---------- Records for the exercise

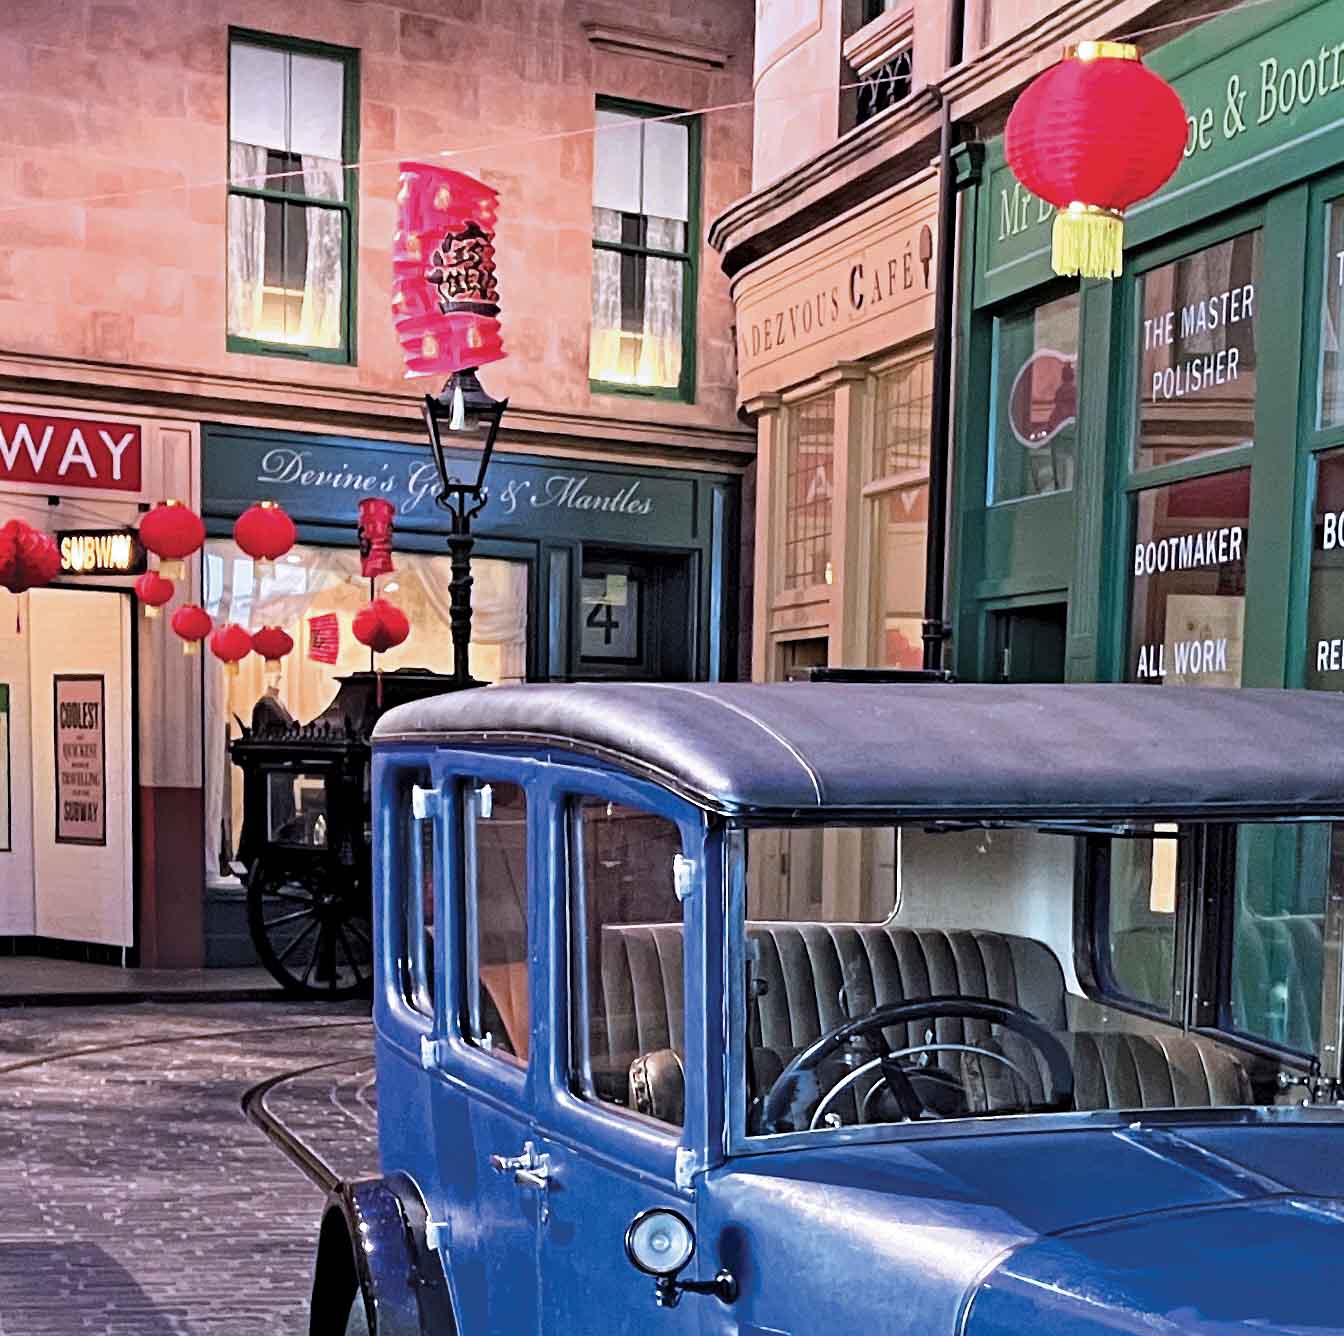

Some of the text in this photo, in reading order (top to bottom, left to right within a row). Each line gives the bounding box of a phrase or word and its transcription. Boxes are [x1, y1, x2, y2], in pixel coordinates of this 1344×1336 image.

[1183, 114, 1214, 157] oe
[1223, 74, 1247, 139] &
[998, 184, 1032, 241] Mr
[1144, 284, 1255, 351] THE MASTER
[1152, 347, 1240, 404] POLISHER
[256, 448, 398, 493] Devine's
[499, 479, 531, 513] &
[530, 475, 653, 516] Mantles
[1134, 526, 1243, 576] BOOTMAKER
[586, 603, 620, 645] 4
[1137, 638, 1228, 678] ALL WORK
[59, 702, 99, 730] COOLEST

--------------------

_Required work_:
What is needed is an exact copy of every entry, with the pictures removed.

_Result for this task_:
Some of the text in this photo, in reading order (top to bottom, left to right within a row). Each line gives the bounding box of a phrase or word and its transcription. Boxes are [x1, y1, x2, y2], in pixel coordinates of this 1344×1336 image.

[1183, 114, 1214, 157] oe
[1223, 74, 1247, 139] &
[998, 184, 1032, 241] Mr
[1144, 284, 1255, 351] THE MASTER
[1152, 347, 1240, 404] POLISHER
[256, 448, 398, 493] Devine's
[499, 479, 531, 513] &
[530, 475, 653, 516] Mantles
[1134, 526, 1243, 576] BOOTMAKER
[586, 603, 620, 645] 4
[1137, 638, 1228, 678] ALL WORK
[59, 702, 99, 730] COOLEST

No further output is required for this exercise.